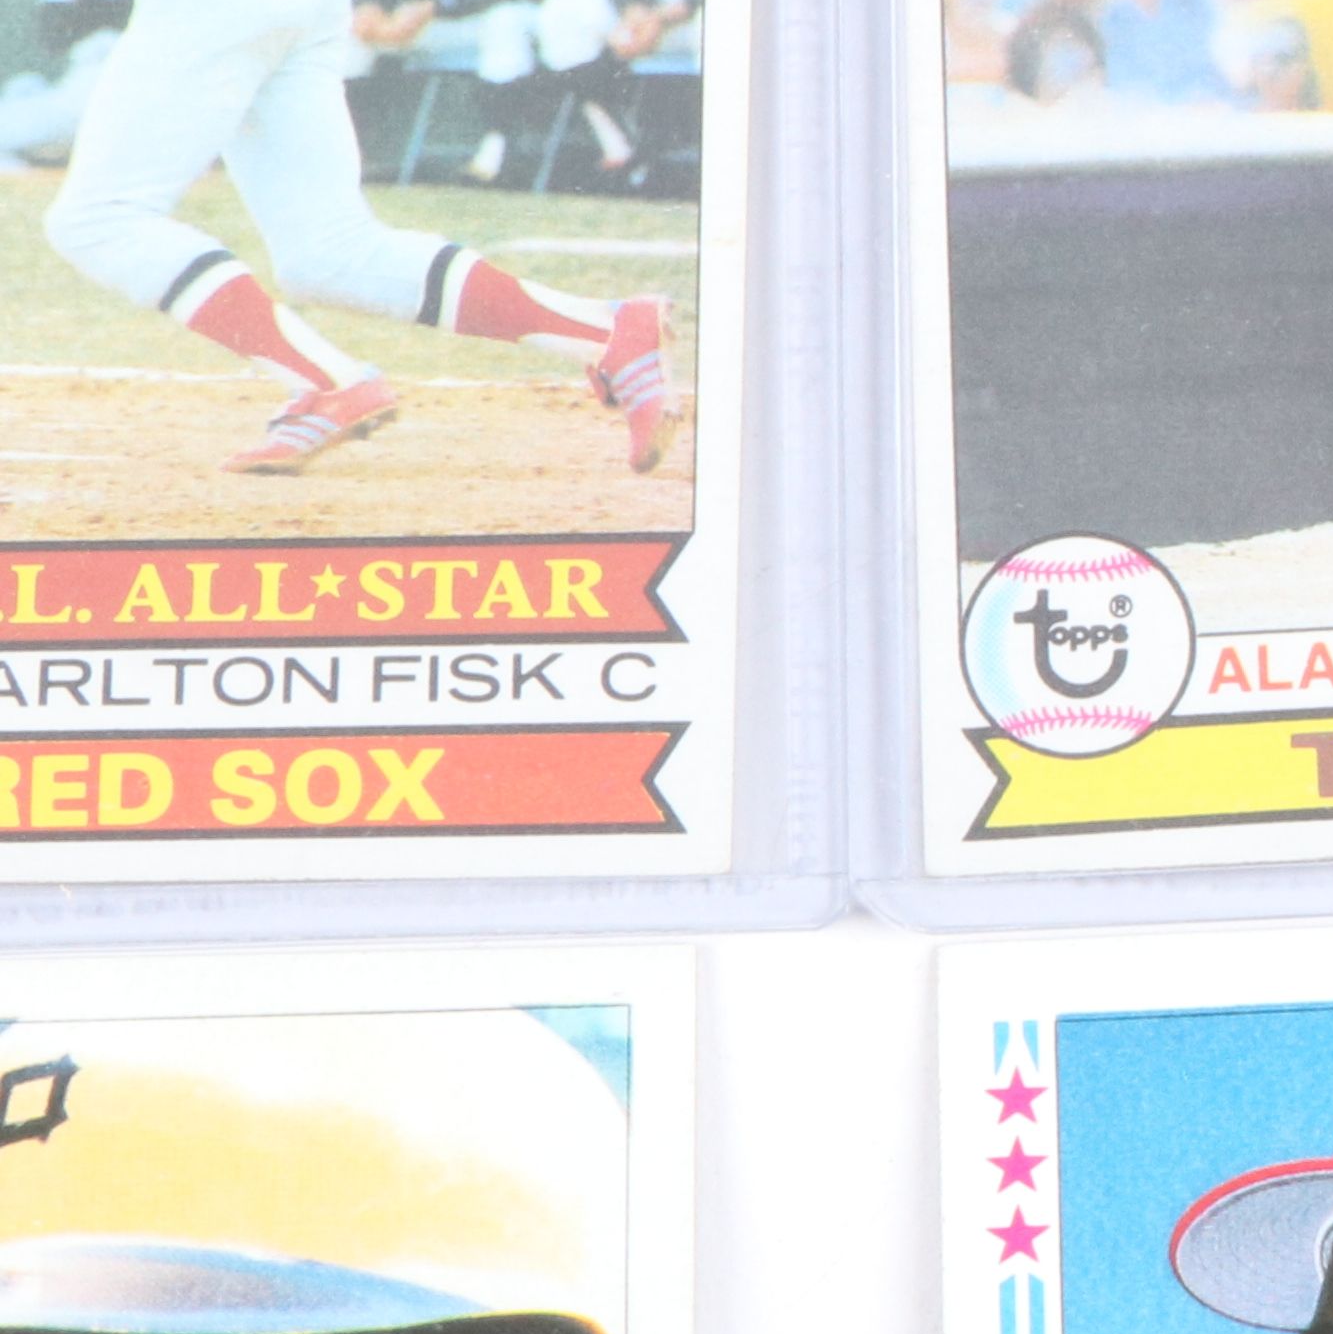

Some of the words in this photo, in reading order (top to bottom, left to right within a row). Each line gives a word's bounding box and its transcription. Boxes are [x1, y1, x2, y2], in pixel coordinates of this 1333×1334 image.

[0, 564, 92, 623] L.
[113, 560, 318, 623] ALL
[357, 557, 609, 622] STAR
[371, 652, 565, 704] FISK
[600, 651, 658, 703] C
[210, 747, 445, 825] SOX
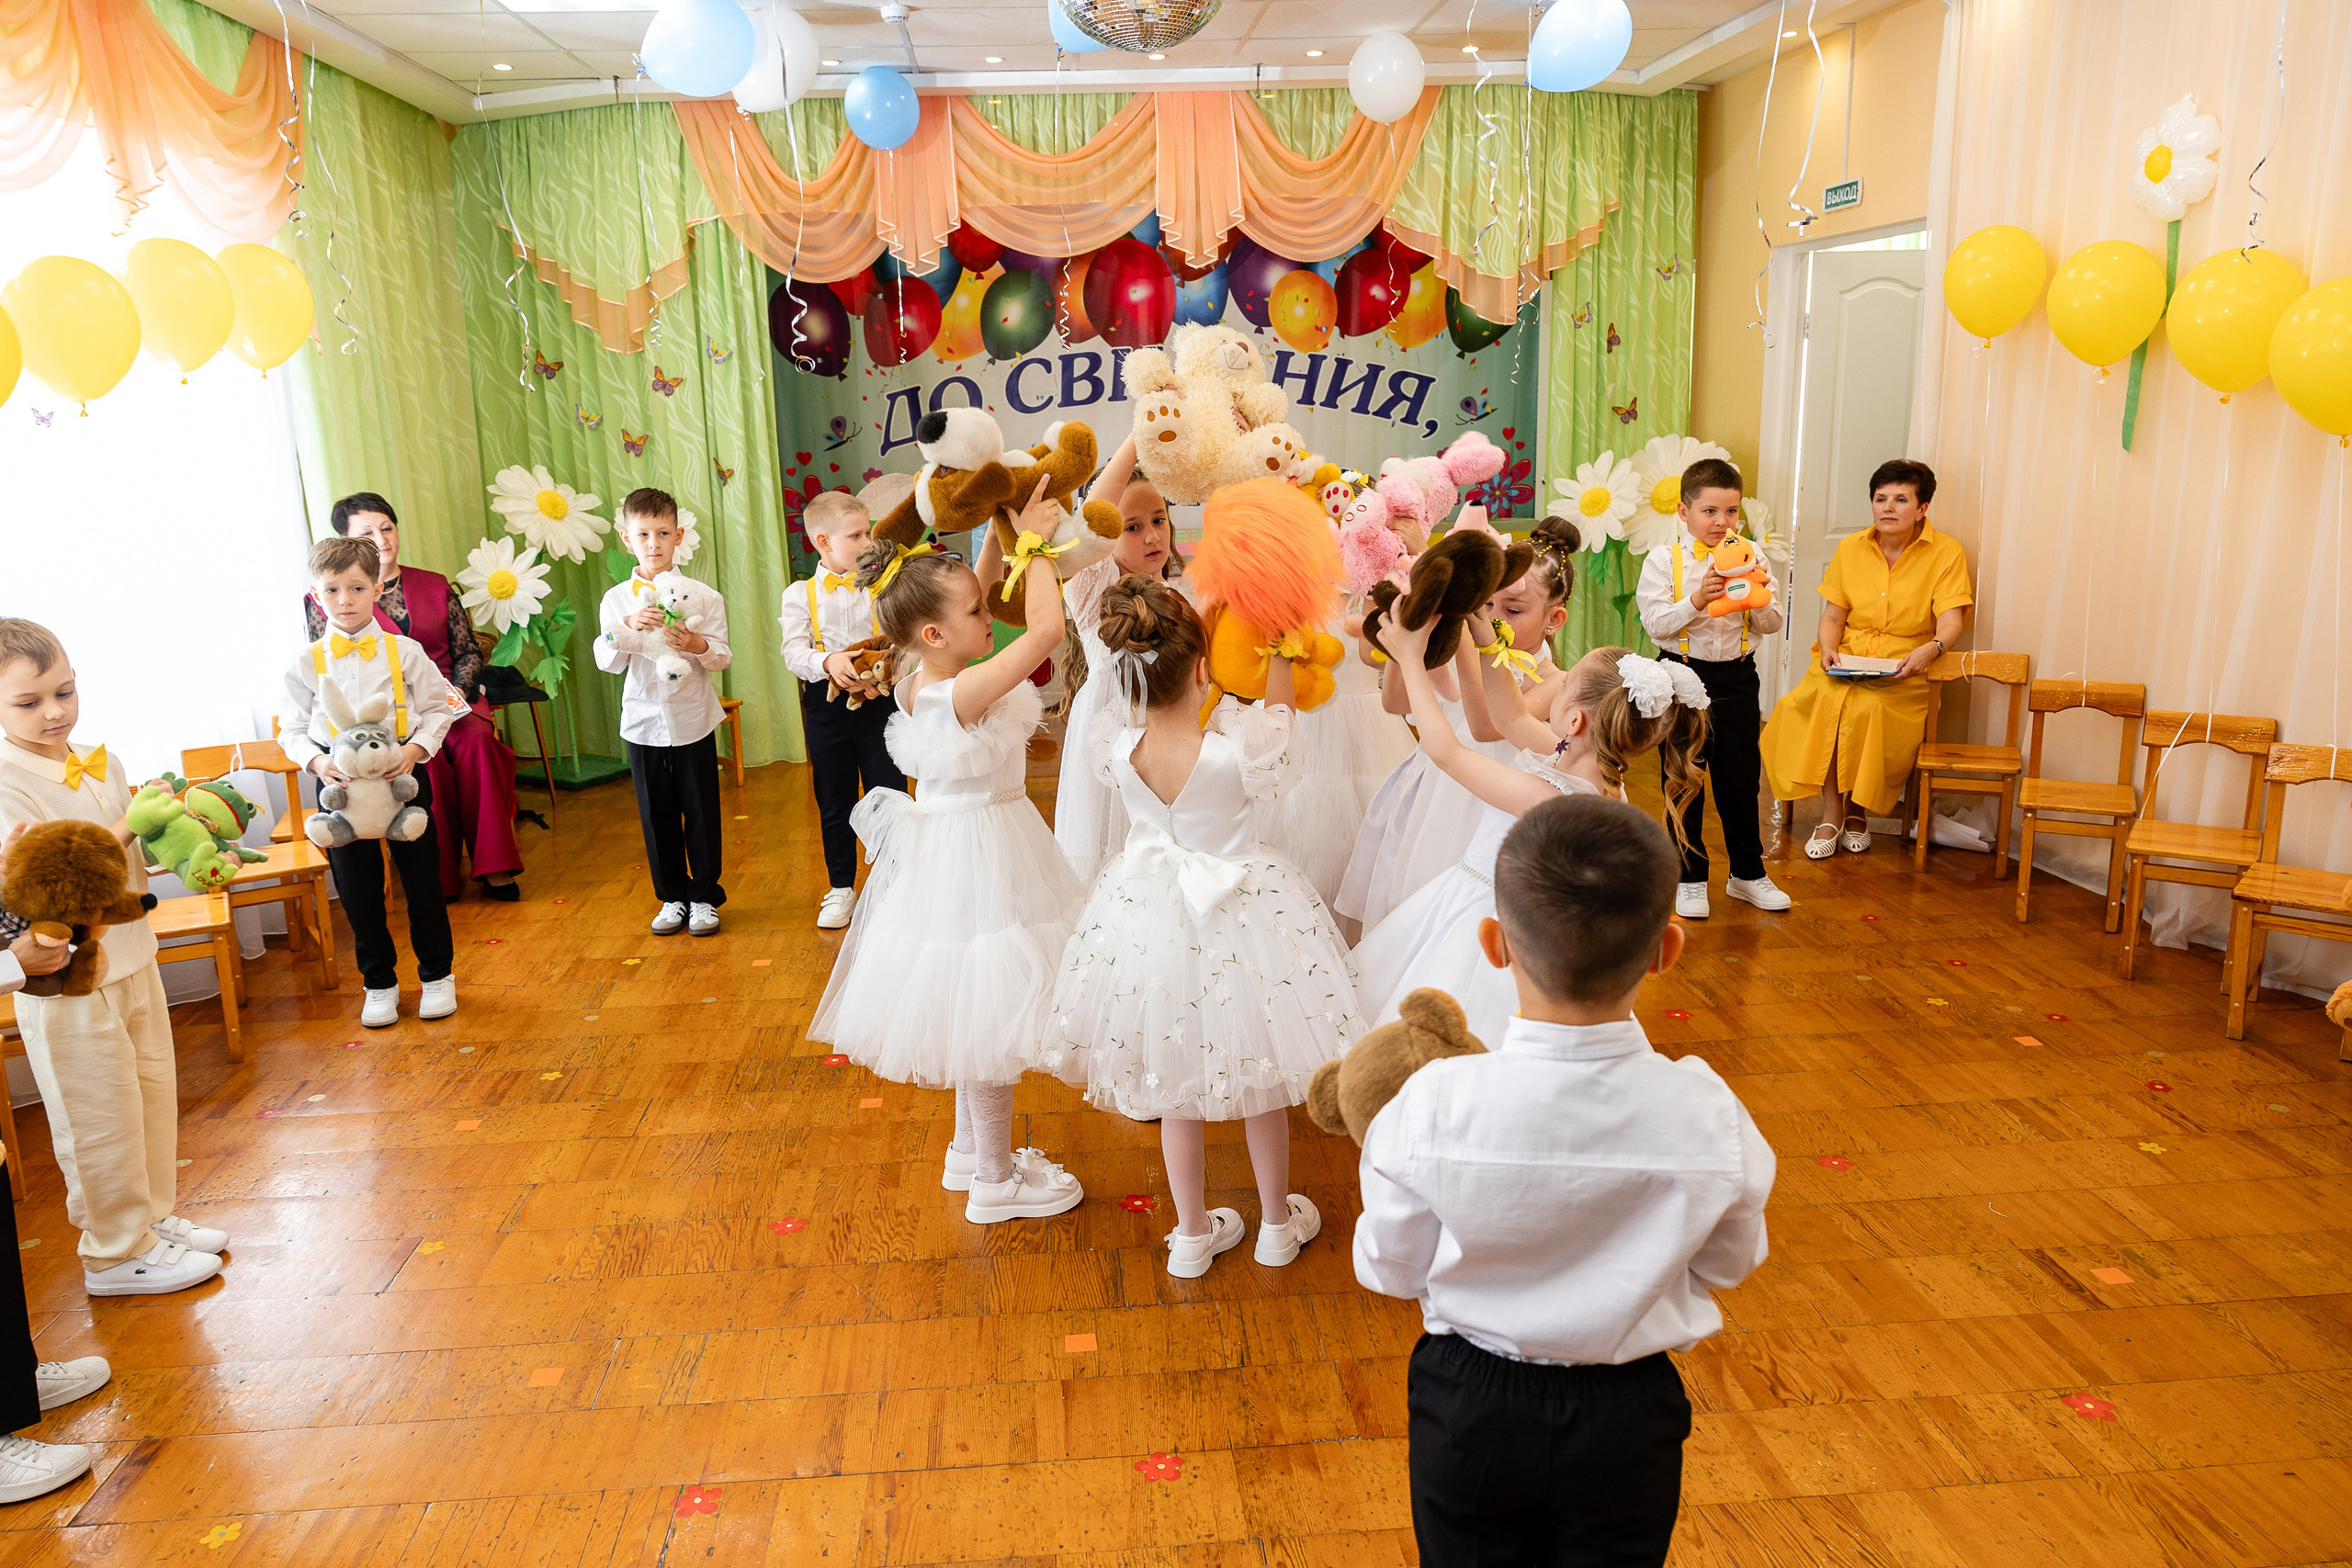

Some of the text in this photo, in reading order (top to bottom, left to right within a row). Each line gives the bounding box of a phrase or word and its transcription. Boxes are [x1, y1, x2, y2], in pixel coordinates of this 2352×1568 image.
——————————
Each record above, in full: return it exactly, pictures excluded.

— ANSWER BELOW —
Some of the words in this photo, in reading order (top to bottom, left to right within a row). Each line gives a word's bounding box and its transcription. Boxes are [x1, y1, x2, y2], in pixel coordinates of this 1333×1334 image.

[0, 564, 92, 623] L.
[113, 560, 318, 623] ALL
[357, 557, 609, 622] STAR
[371, 652, 565, 704] FISK
[600, 651, 658, 703] C
[210, 747, 445, 825] SOX

Some of the text in this photo, in reading order (top to bottom, left to right within a row). Each line gives the bounding box of a phrase or word and its transcription. Boxes are [x1, y1, x2, y2], in pixel coordinates of this 2352×1568 image.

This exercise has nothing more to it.